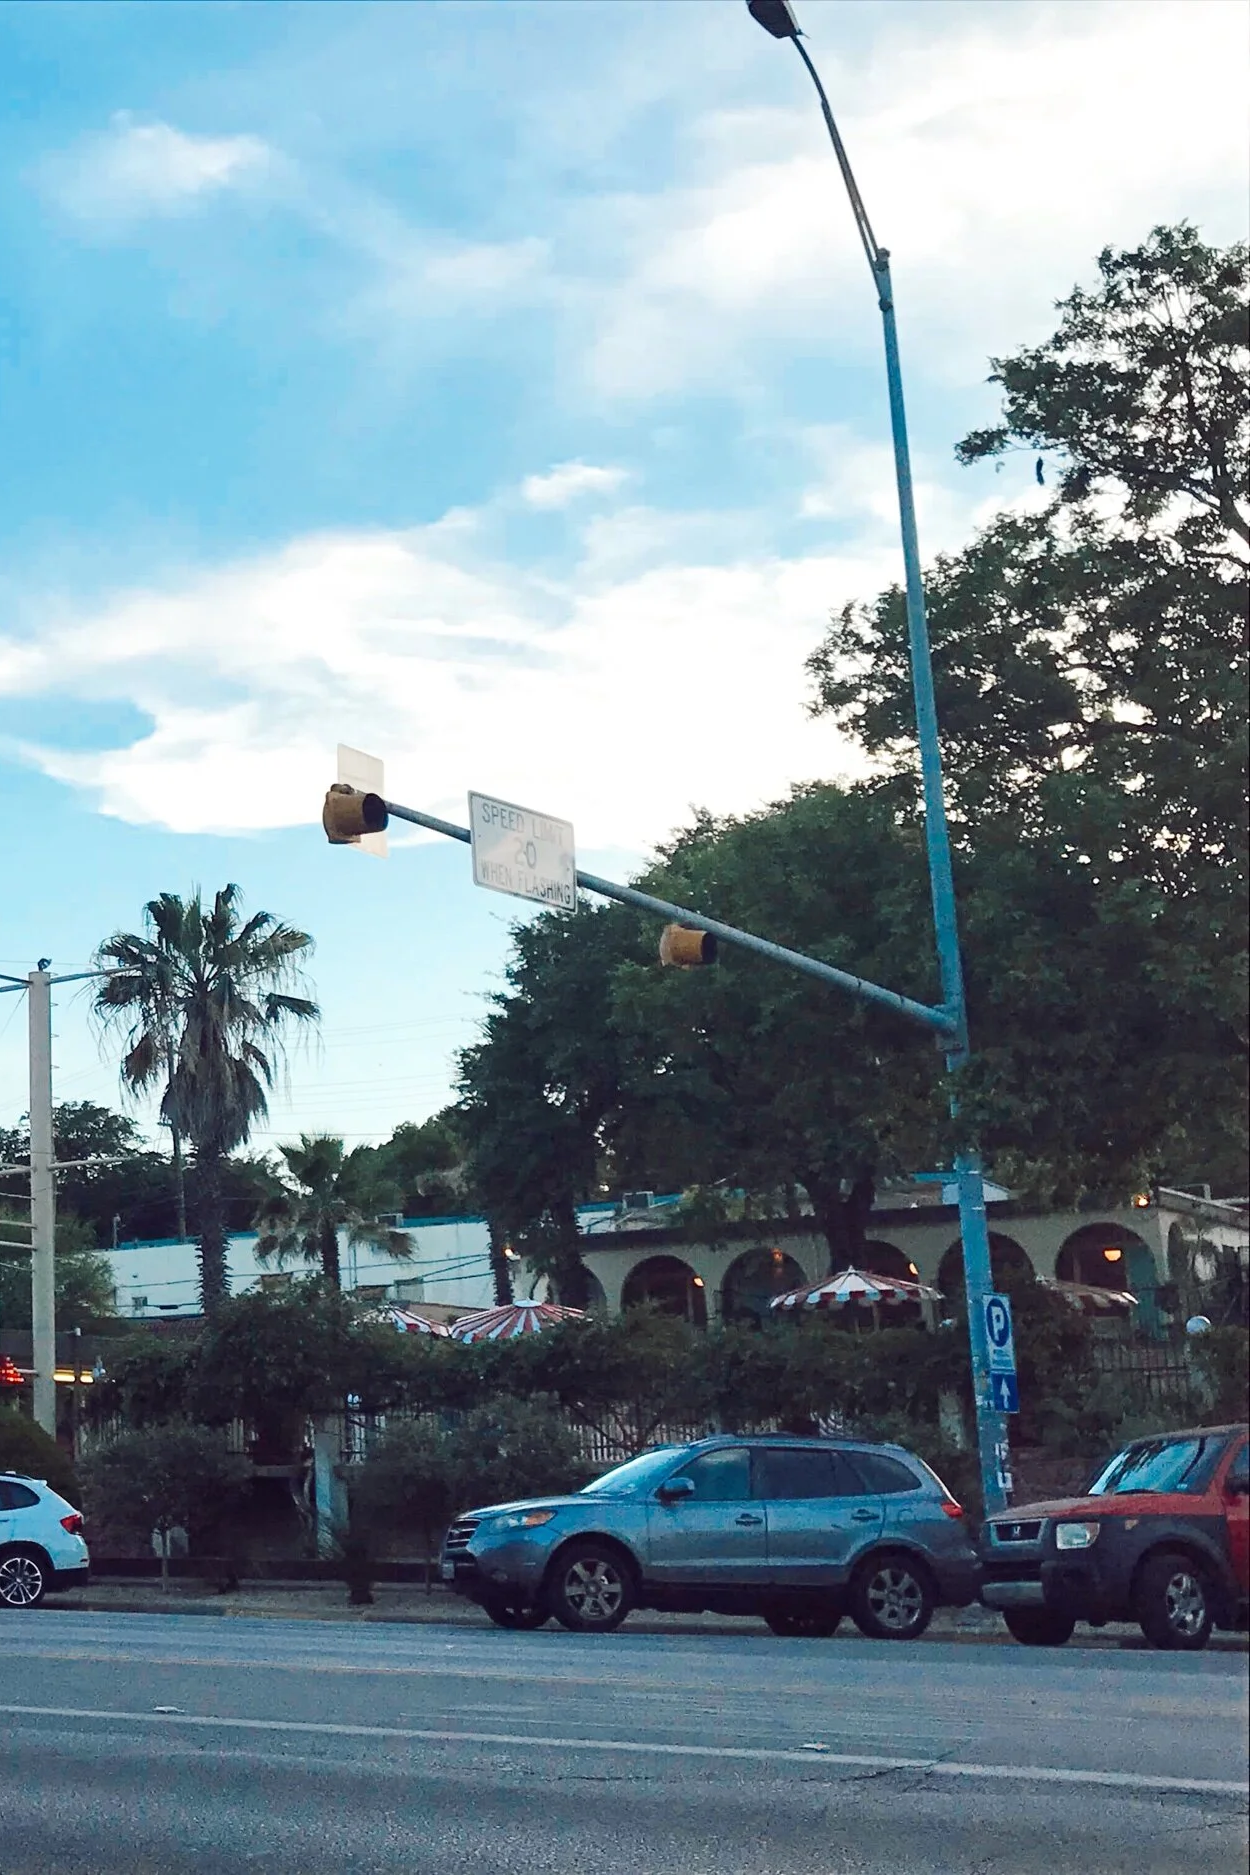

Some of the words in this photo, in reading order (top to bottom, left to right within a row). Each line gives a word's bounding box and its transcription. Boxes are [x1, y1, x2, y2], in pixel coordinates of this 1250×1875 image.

[482, 802, 525, 833] SPEED
[532, 818, 564, 847] LIMIT
[513, 837, 537, 869] 20
[481, 858, 513, 887] WHEN
[517, 870, 571, 905] FLASHING
[990, 1305, 1005, 1342] P
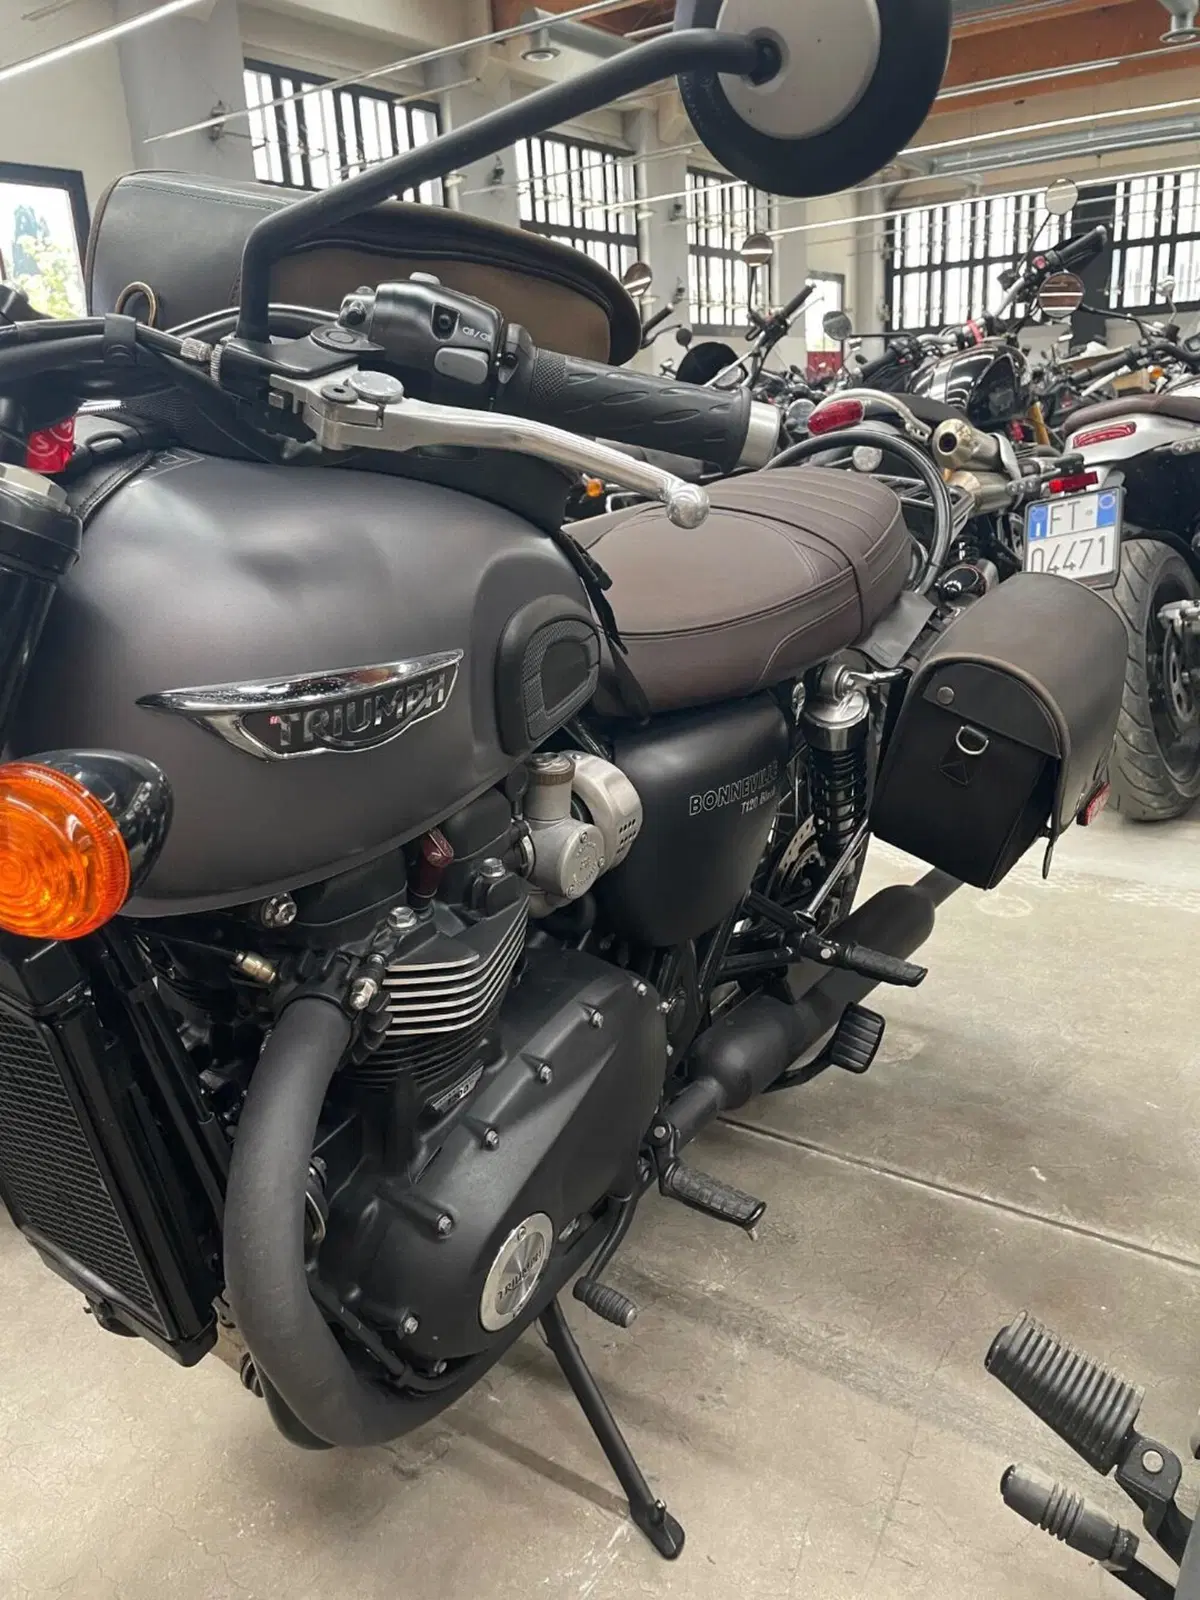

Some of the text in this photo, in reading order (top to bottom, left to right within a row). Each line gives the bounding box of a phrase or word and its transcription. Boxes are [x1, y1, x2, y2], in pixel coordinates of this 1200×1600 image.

[1049, 500, 1081, 535] FT
[1030, 535, 1107, 574] 04471
[270, 672, 447, 747] TRIUMPH
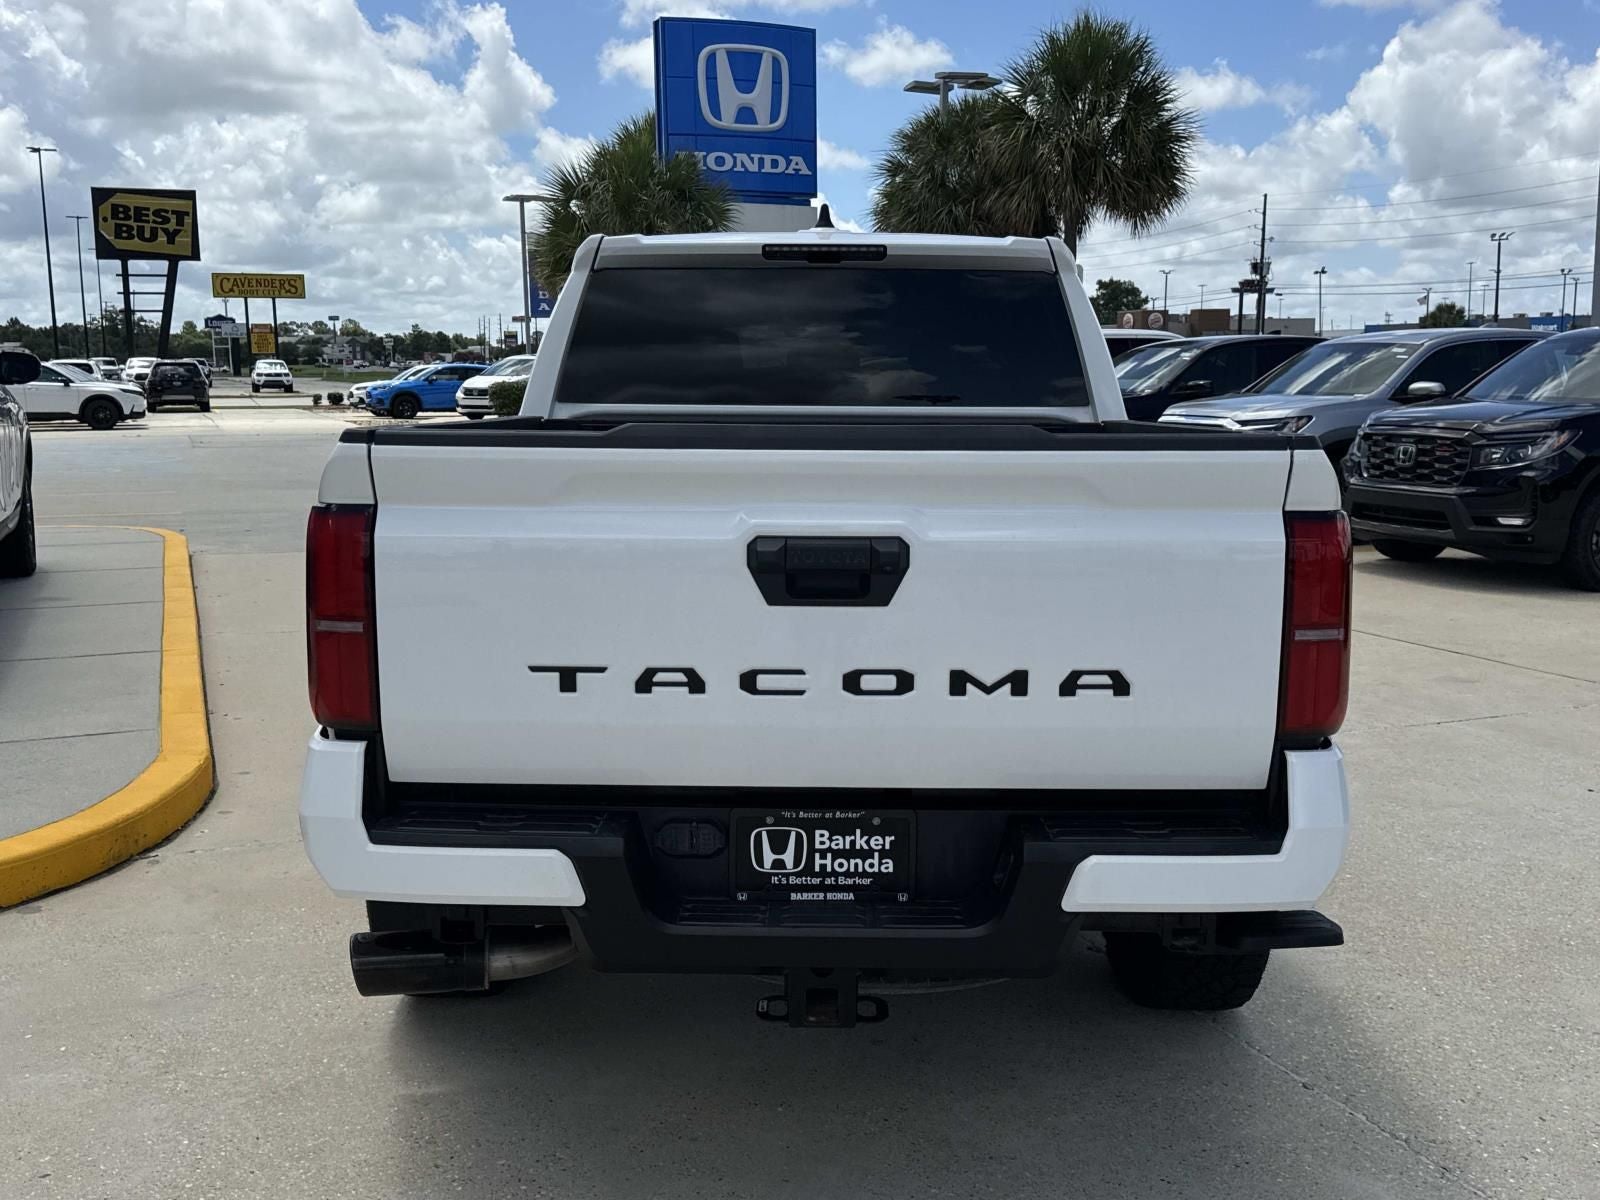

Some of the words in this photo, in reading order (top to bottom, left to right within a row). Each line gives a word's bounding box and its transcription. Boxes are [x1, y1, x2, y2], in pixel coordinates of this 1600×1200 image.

[110, 203, 190, 227] BEST
[114, 222, 183, 245] BUY
[219, 276, 299, 295] CAVENDER'S
[528, 665, 1131, 697] TACOMA
[798, 811, 822, 819] Better
[824, 811, 833, 819] at
[814, 828, 895, 850] Barker
[814, 852, 894, 873] Honda
[771, 875, 787, 885] It's
[789, 875, 822, 885] Better
[824, 876, 836, 885] at
[838, 876, 873, 885] Barker
[790, 892, 825, 901] BARKER
[826, 892, 855, 901] HONDA
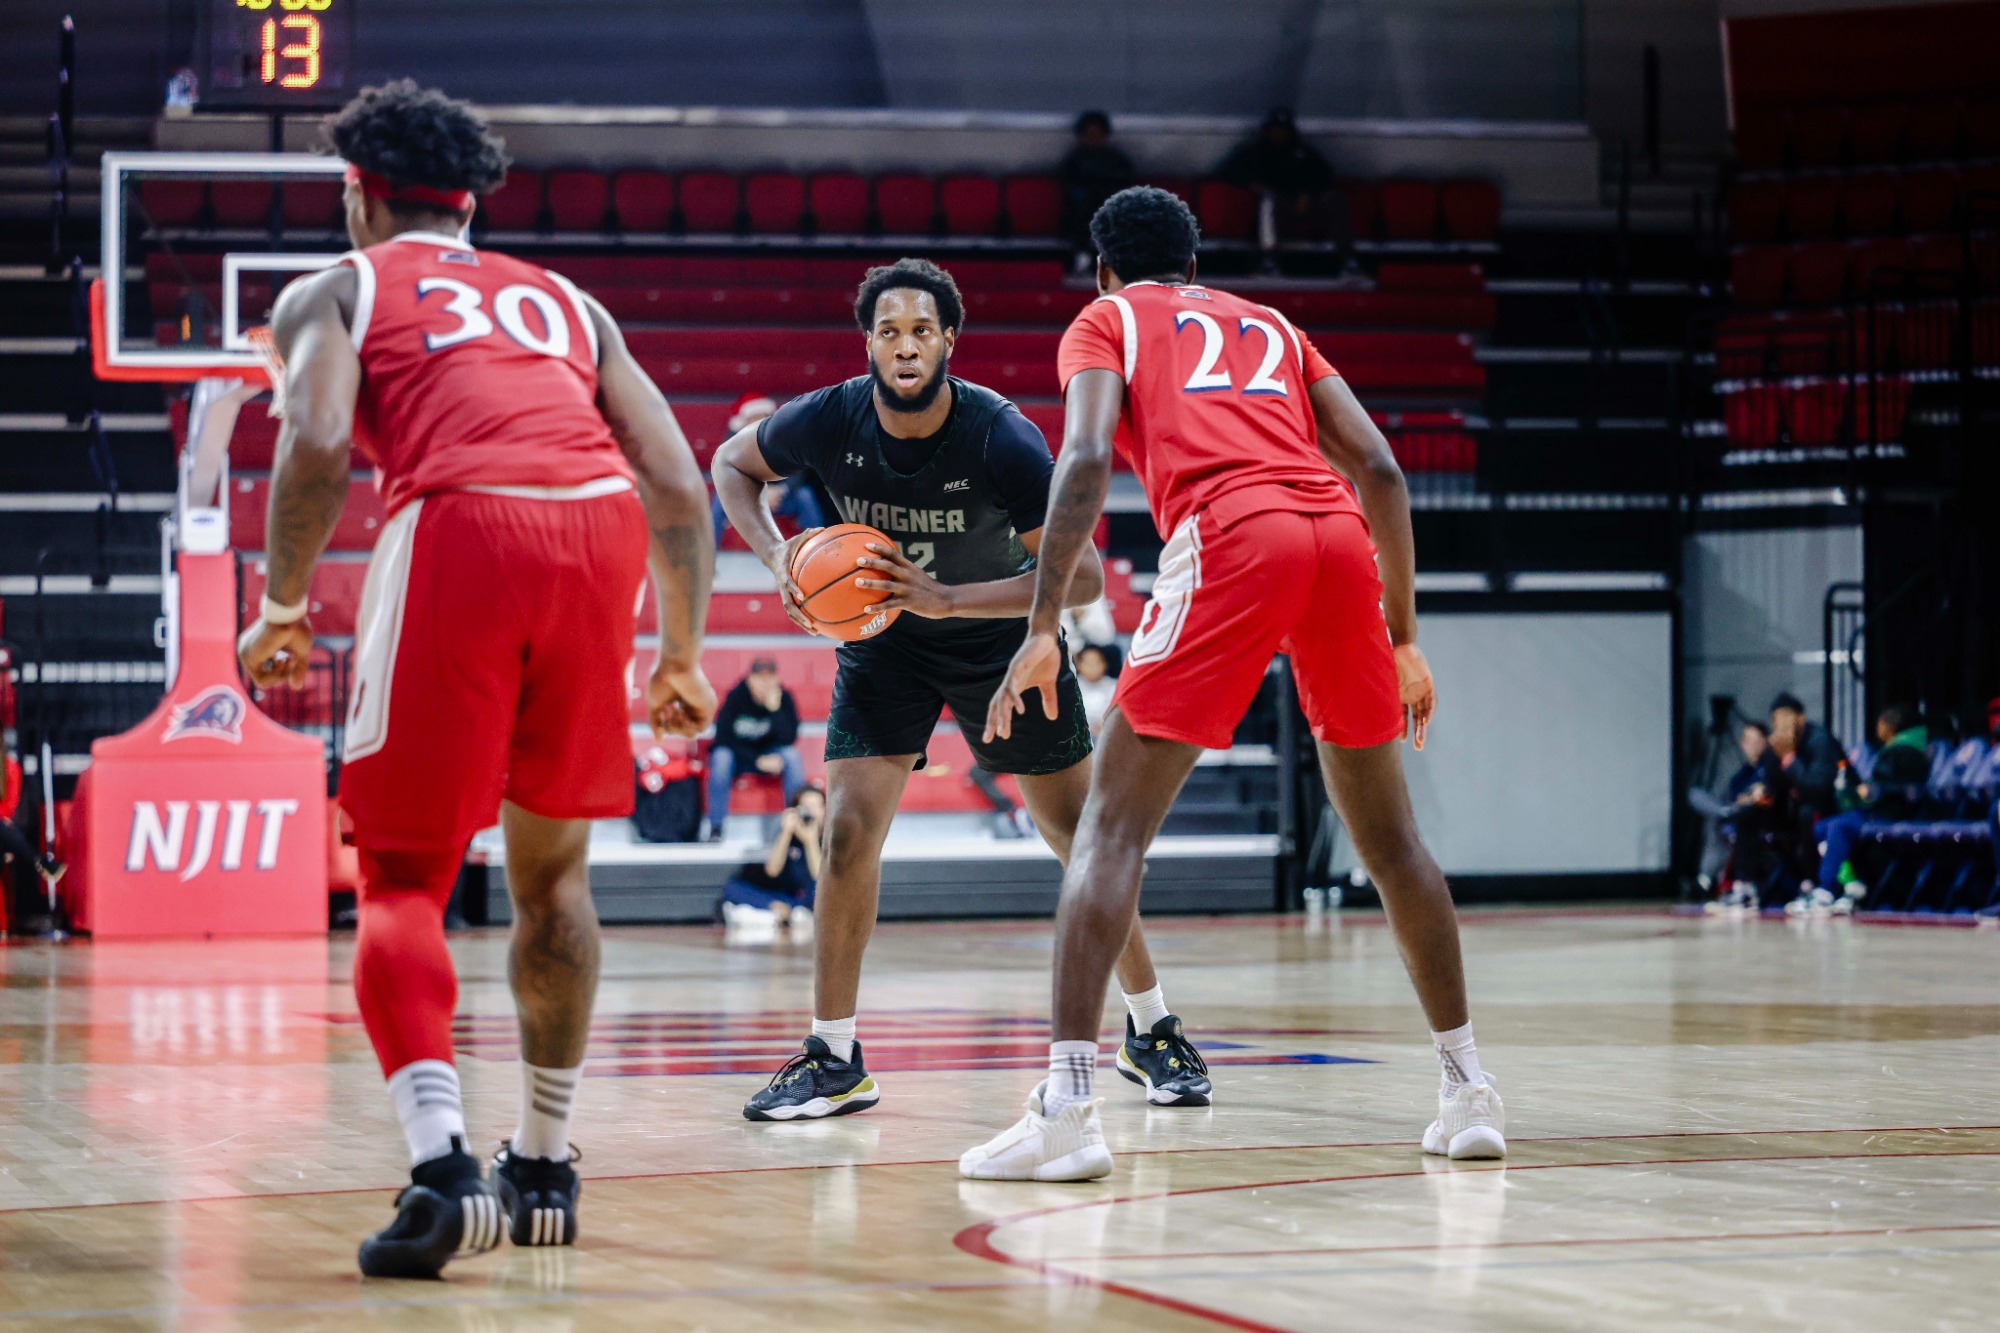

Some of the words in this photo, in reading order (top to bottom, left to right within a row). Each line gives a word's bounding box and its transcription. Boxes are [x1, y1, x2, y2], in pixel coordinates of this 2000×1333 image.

[261, 14, 320, 87] 13
[416, 276, 570, 358] 30
[1174, 310, 1288, 398] 22
[844, 496, 965, 533] WAGNER
[943, 478, 969, 491] NEC
[894, 541, 936, 579] 2
[125, 799, 298, 882] NJIT
# # #
WORK TO COMPLETE:
Down to the last line, set down the data above exactly, and omit all images.

EXERCISE RESPONSE:
Some of the words in this photo, in reading order (top to bottom, left to right within a row). Each line gives a word's bounding box and its transcription. Boxes are [x1, y1, x2, y2], in pixel coordinates of this 1250×1875 image.

[482, 802, 525, 833] SPEED
[532, 818, 564, 847] LIMIT
[513, 837, 537, 869] 20
[481, 858, 513, 887] WHEN
[517, 870, 571, 905] FLASHING
[990, 1305, 1005, 1342] P

Some of the text in this photo, in reading order (top to bottom, left to right within a row). Each line gives the bounding box of a phrase or word and its transcription. Boxes are [x1, y1, x2, y2], in pixel coordinates of this 1200×1600 image.

[1049, 500, 1081, 535] FT
[1030, 535, 1107, 574] 04471
[270, 672, 447, 747] TRIUMPH

Some of the words in this photo, in reading order (top to bottom, left to right within a row). Each line gives a word's bounding box and its transcription. Boxes are [x1, y1, x2, y2], in pixel coordinates of this 1600×1200 image.

[110, 203, 190, 227] BEST
[114, 222, 183, 245] BUY
[219, 276, 299, 295] CAVENDER'S
[528, 665, 1131, 697] TACOMA
[798, 811, 822, 819] Better
[824, 811, 833, 819] at
[814, 828, 895, 850] Barker
[814, 852, 894, 873] Honda
[771, 875, 787, 885] It's
[789, 875, 822, 885] Better
[824, 876, 836, 885] at
[838, 876, 873, 885] Barker
[790, 892, 825, 901] BARKER
[826, 892, 855, 901] HONDA

Some of the words in this photo, in reading order (top to bottom, left to right within a row). Each line gives a word's bounding box and its transcription. Boxes are [x1, y1, x2, y2], in pixel coordinates of this 2000×1333 image.

[261, 14, 320, 87] 13
[416, 276, 570, 358] 30
[1174, 310, 1288, 398] 22
[844, 496, 965, 533] WAGNER
[943, 478, 969, 491] NEC
[894, 541, 936, 579] 2
[125, 799, 298, 882] NJIT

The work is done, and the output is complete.